Automatic assembly of recombinant RNAPs in 96-well format
A commercially available 96-well microdialysis device (Spectrum Laboratories) was installed on top of a Hi300N magnetic stirrer (Hanna Instruments) positioned on the robotic platform. The dialyzer position is fully accessible to the pipetting and gripper arms of the robots. The perspex lid was customized for handling by the gripper (details available from the corresponding author). A peristaltic pump (Watson Marlow Sci400) was calibrated to deliver a flow-rate of 1 ml/min and switched on and off under robotic control. In vitro assembly reactions were set up in a total volume of 100 μl per dialysis well and a dialysis membrane with a 3 K cut-off point was used for all assemblies (Spectrum Laboratories; a narrow pore membrane is required to prevent the smallest subunits from leaking into the buffer chamber under denaturing conditions). The concentrations of the various RNAP subunits and subunit ratios were empirically determined to yield recombinant RNAPs displaying the same specific activities in non-specific and factor-dependent transcription assays as previously described for the wild-type enzyme (12). For the example shown here (mjA′ G825-X mutagenesis set), 90 μl of a ‘Master Mix’ containing 3.2 μg A′′, 4.2 μg B′, 6 μg B′′, 7.2 μg D, 8.7 μg L, 6.5 μg H, 5 μg N and 3 μg P were mixed with 10 μl of the robotically purified mjA′ mutant subunit (∼12 μg). The stoichiometric ratios of the subunits required for optimal in vitro assembly most likely reflect differences in the relative refolding efficiencies.

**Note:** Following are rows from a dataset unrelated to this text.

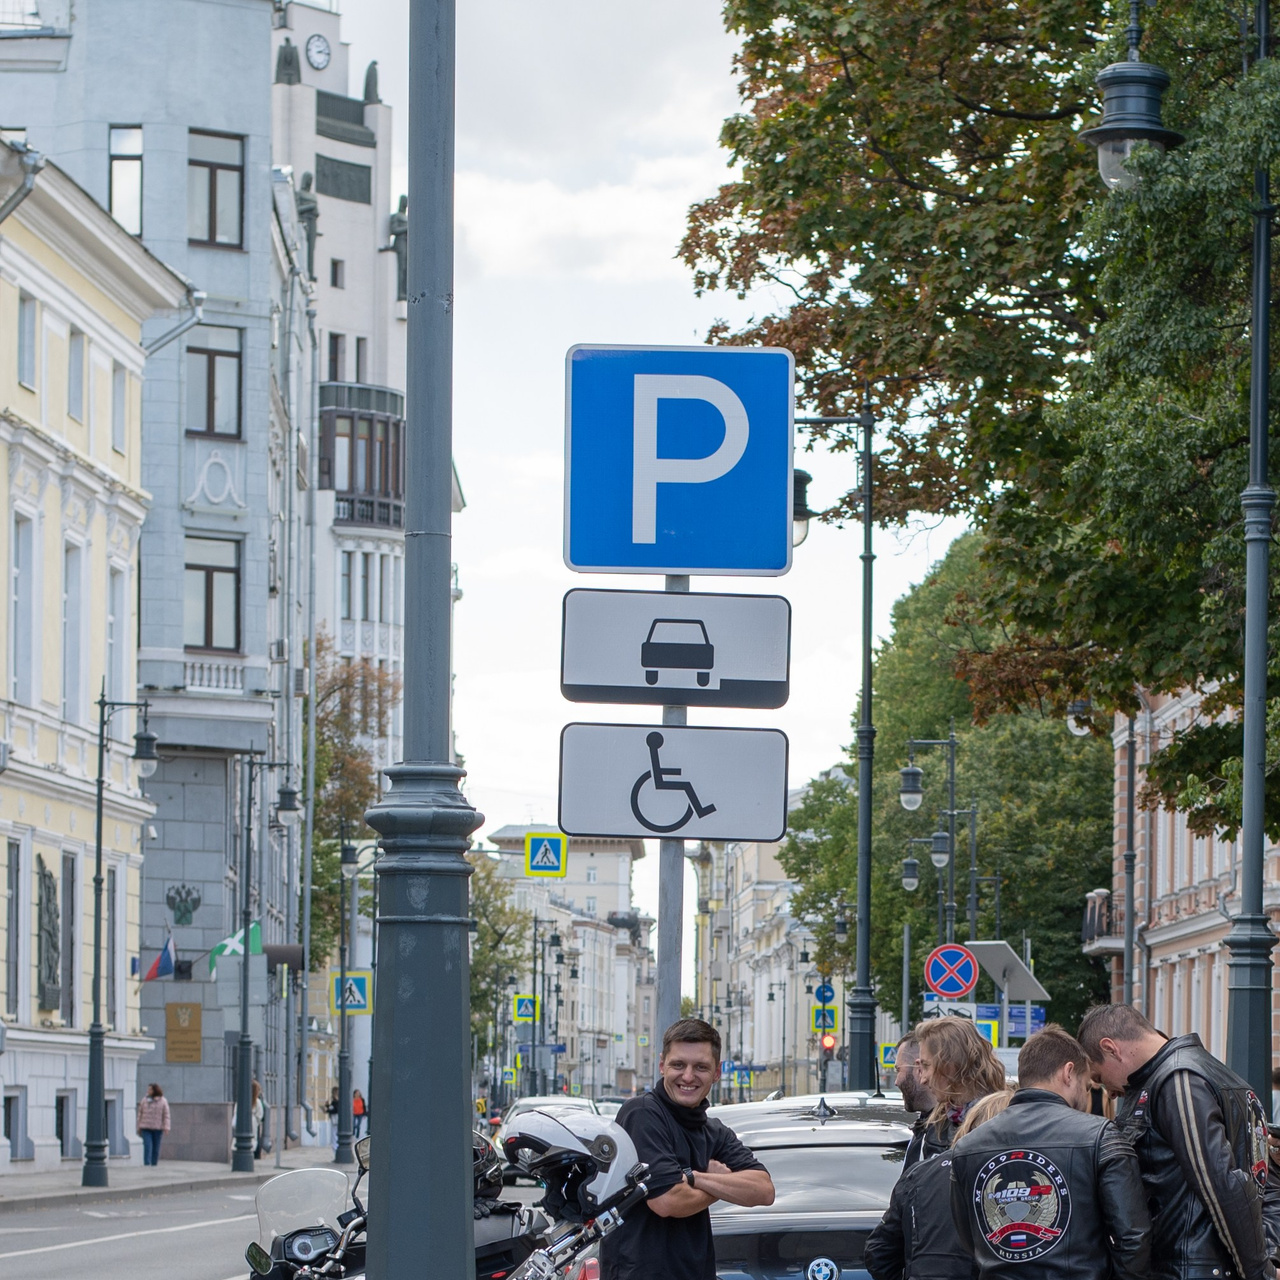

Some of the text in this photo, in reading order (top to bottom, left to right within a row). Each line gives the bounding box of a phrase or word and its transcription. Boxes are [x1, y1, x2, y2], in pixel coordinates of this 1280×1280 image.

[632, 373, 750, 544] P
[987, 1184, 1053, 1199] M109R
[999, 1247, 1043, 1259] RUSSIA
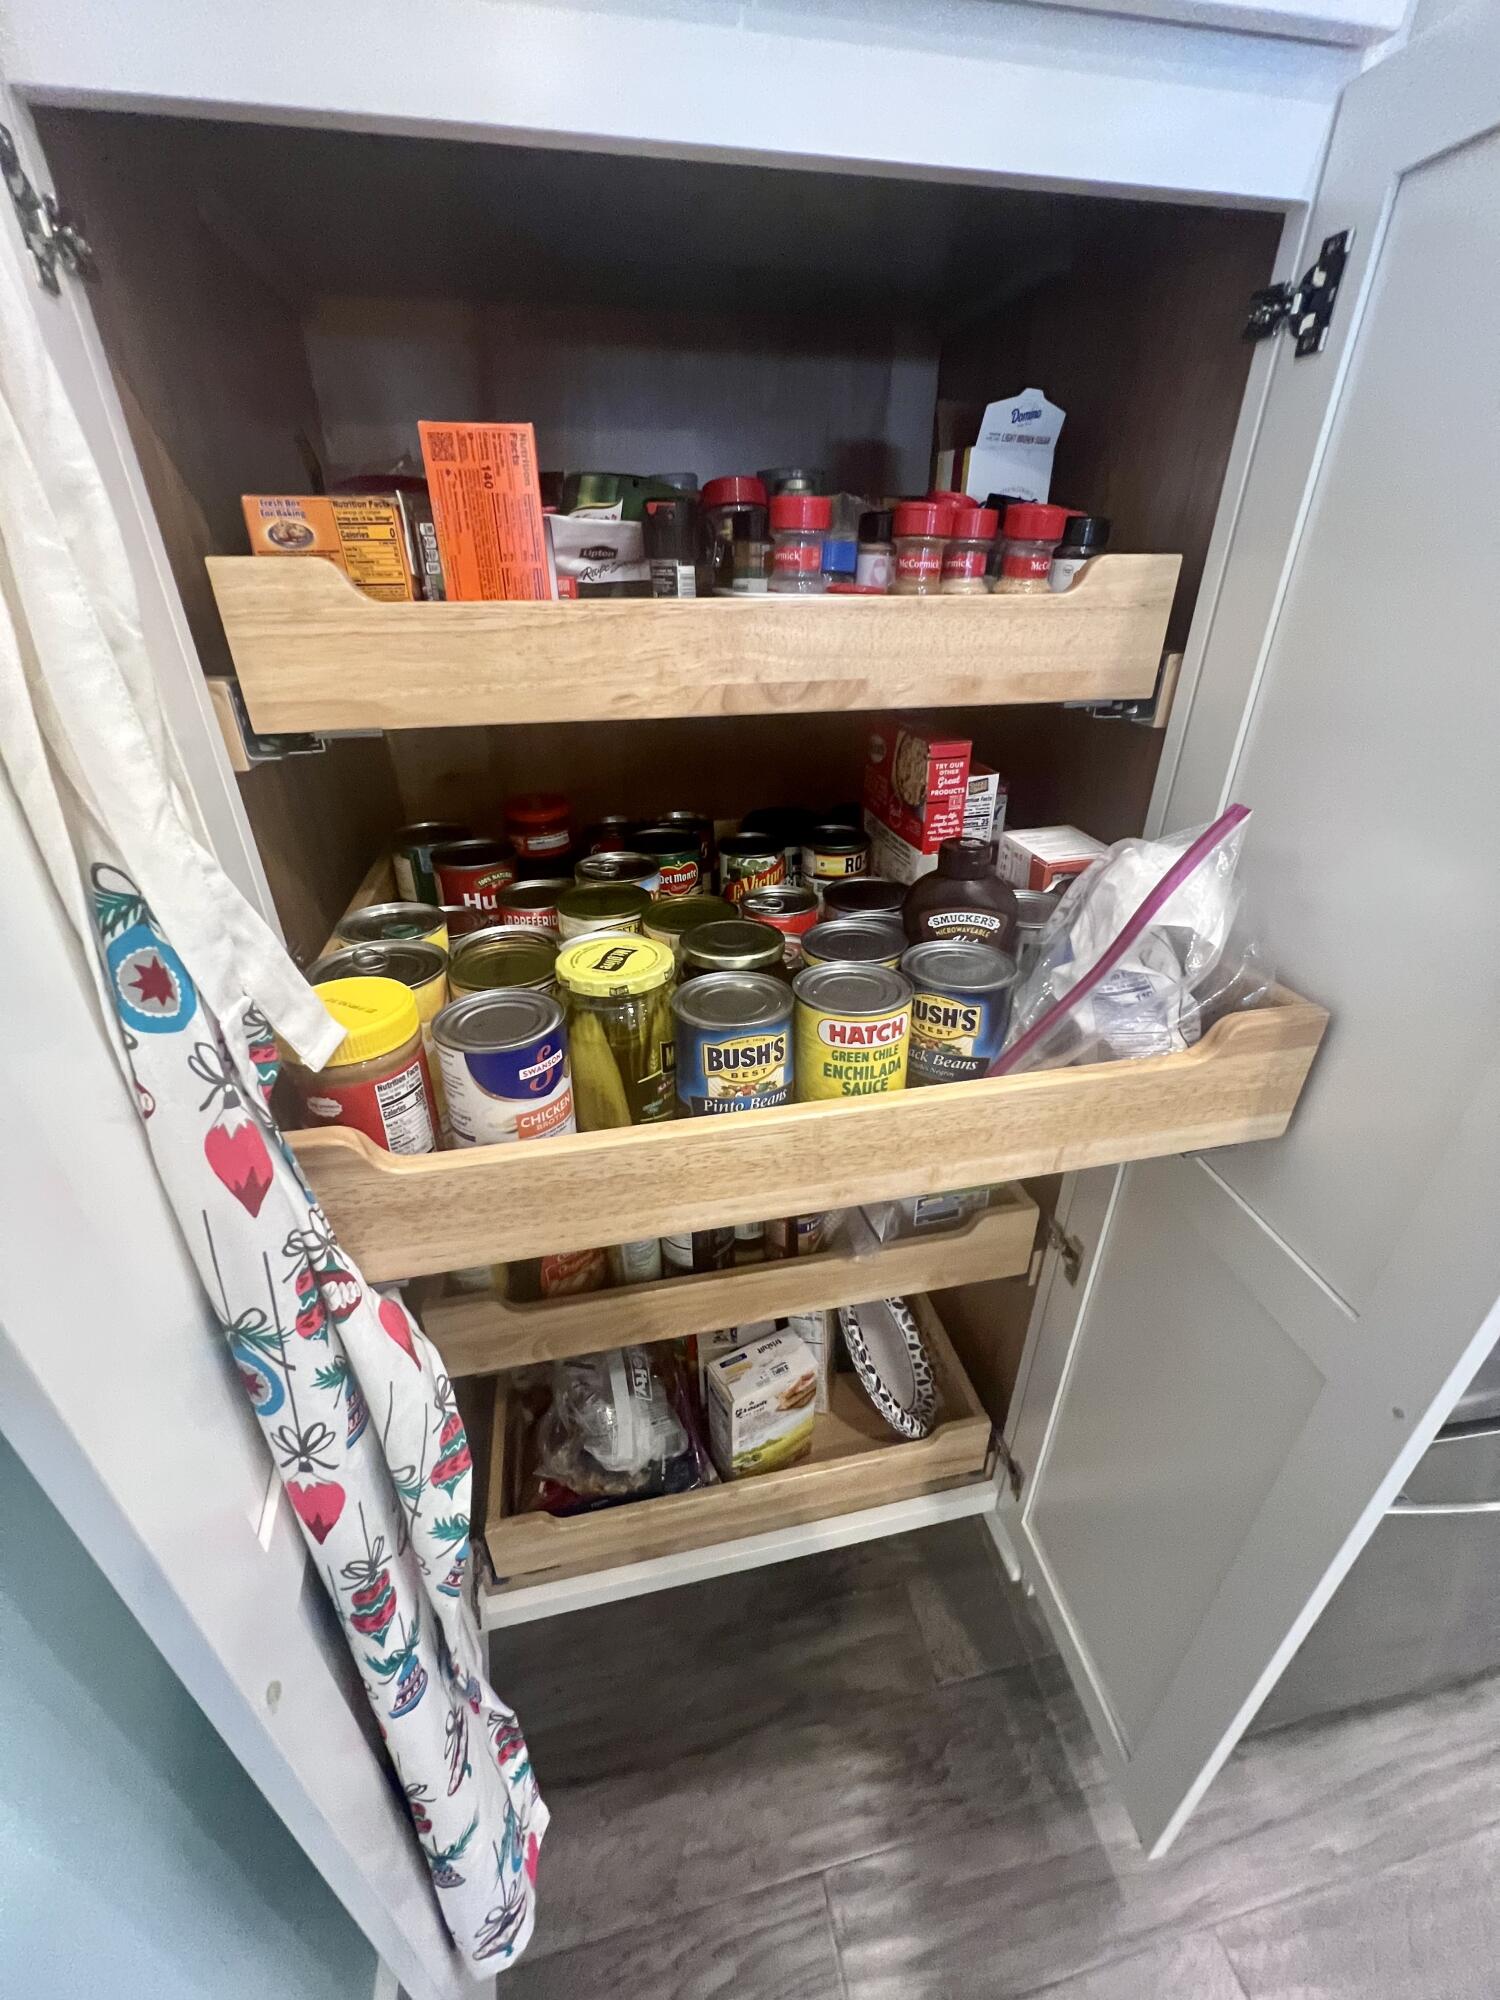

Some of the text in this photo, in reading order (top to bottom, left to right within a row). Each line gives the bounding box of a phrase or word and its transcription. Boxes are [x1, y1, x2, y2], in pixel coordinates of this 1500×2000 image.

[1011, 408, 1042, 423] Domino
[509, 432, 519, 466] Facts
[519, 433, 531, 486] Nutrition
[480, 466, 493, 489] 140
[332, 500, 392, 509] Nutrition Facts
[341, 528, 396, 539] Calories 0
[583, 549, 615, 558] Lipton
[949, 761, 964, 769] OUR
[930, 786, 965, 796] PRODUCTS
[660, 870, 697, 884] Del Monte
[463, 893, 498, 910] Hu
[932, 914, 996, 927] SMUCKER'S
[935, 927, 991, 938] MICROWAVEABLE
[829, 1017, 904, 1045] HATCH
[918, 1023, 953, 1036] BEST
[707, 1037, 785, 1071] BUSH'S
[831, 1044, 899, 1062] GREEN CHILE
[522, 1053, 561, 1078] SWANSON
[823, 1056, 902, 1081] ENCHILADA
[933, 1054, 979, 1070] Beans
[730, 1067, 767, 1079] BEST
[377, 1074, 406, 1092] Nutrition
[841, 1076, 889, 1096] SAUCE
[704, 1088, 788, 1113] Pinto Beans
[382, 1104, 406, 1118] Calories
[520, 1092, 570, 1128] CHICKEN
[536, 1112, 565, 1131] BROTH
[756, 1337, 782, 1354] triscuit
[631, 1350, 652, 1399] efty

Under these conditions the subunits present in the Master Mix (-A′) are rate-limiting in the assembly reactions, thus ensuring that the added mutant mjA′ subunits are present in >2 molar excess. Any minor variation in the concentrations of various mjA′ samples is thus compensated for and does not affect the amount of assembled polymerase (the presence of excess mjA′ has no detectable negative effect on the efficiency of the assembly reaction).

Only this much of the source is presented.